Mum forced to live in car after council evicted her for refusing move to new town


A disabled mum and her daughter are sleeping in their car – after refusing to accept a council’s offer of housing.

Pauline Roye, 62, and her daughter Nashstacia Gayle, 28, were kicked out of their house by a council on September 23.

Ms Roye had told Lewisham London Borough Council her house had mouldy bedrooms, which caused her breathing problems and meant she had to sleep on a mattress in the kitchen, reports MyLondon. 

The authority, a Labour stronghold, subsequently gave her the option of moving into a temporary house in Ilford, east London – an hour away from the borough on public transport.

However, Ms Roye, who is awaiting a knee replacement and can’t walk without assistance, rejected the offer because she would struggle to reach hospital appointments in south London. The council disagreed and said that as Ms Roye had refused “a reasonable offer of interim temporary accommodation” it no longer had a responsibility to house her.

Lewisham Council is now reviewing Ms Roye’s case and is looking to make her a new offer of temporary accommodation. But until it makes a decision, she and her daughter are left not knowing where they will be sleeping every night.

Ms Roye, who has lived in Lewisham, southeast London, for more than 20 years, said: “I don’t know where I am from one day to the next. It’s not a way to live. If we don’t find a place tonight then we’re going to have to sleep in the car in Lewisham Shopping Centre car park.

“They [Lewisham] say I can travel 90 minutes for an appointment at the hospital, but I can’t take a bus or train. I have to take patient transport. I can’t walk without assistance. I’m just asking for them to look at my health.”

Ms Roye and Nashstacia moved into the temporary house near Lewisham after their previous landlord evicted them. Ms Roye fell behind on rent payments during the pandemic when she was forced to close her Jamaican street food stall at Lower Marsh market in Waterloo, central London.

Over the months that followed her health deteriorated and by the time lockdown restrictions were easing, Ms Roye was unable to work due to inflammatory arthritis in her knee. Her daughter paid what she could, but she only worked part-time hours at the time and the family fell further into arrears.

When Lewisham Council said they could move into the temporary house in Catford on September 14, they were thankful. But their relief soon turned to horror as they discovered the state of the property.

Ms Roye said: “There was mould everywhere. They had painted over it but we couldn’t breathe in the bedrooms. It was like being in a drain. I caught a cough.

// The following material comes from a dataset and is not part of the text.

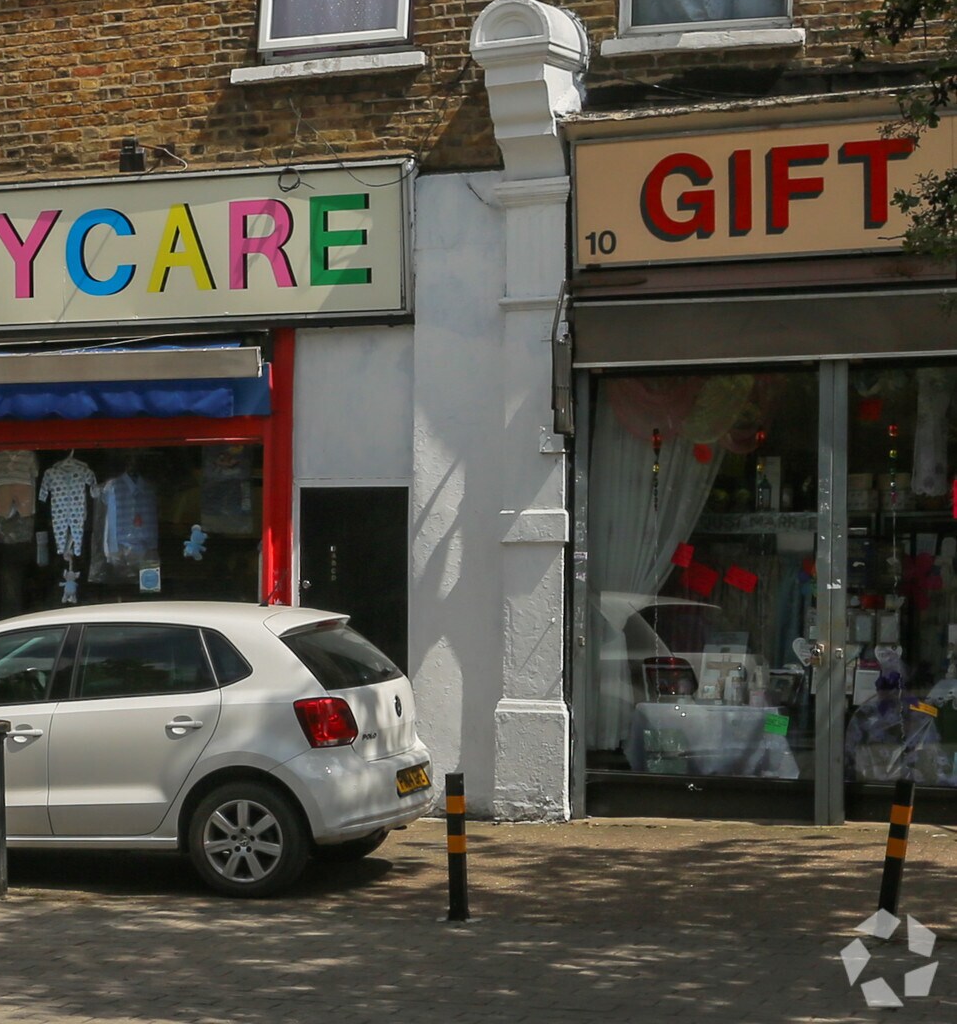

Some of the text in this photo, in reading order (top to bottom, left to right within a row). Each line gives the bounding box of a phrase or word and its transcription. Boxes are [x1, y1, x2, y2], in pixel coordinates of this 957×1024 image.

[640, 137, 914, 242] GIFT
[585, 230, 617, 255] 10
[362, 732, 377, 741] POLO

“We ended up having to drag a mattress into the kitchen and sleep there because it was the only place we could breathe. The freezer didn’t work and it defrosted, ruining all our food in the fridge. There was a step up to the front door which I couldn’t do without help.”

Ms Roye turned to the council staff for help and they offered her the flat over an hour away in Ilford, which she explained wasn’t suitable. But council staff weren’t sympathetic. In one email exchange, a staff member accused Ms Roye of “bombarding” the council with emails after she complained about the accommodation offered.

A Lewisham Council spokesperson said: “We have been reviewing Ms Roye’s case and will be looking to make her a new offer of temporary accommodation, in line with our Location Priority Policy.” We expect all members of staff to be polite and professional when supporting residents with their housing needs and are investigating the comments made towards Ms Roye.”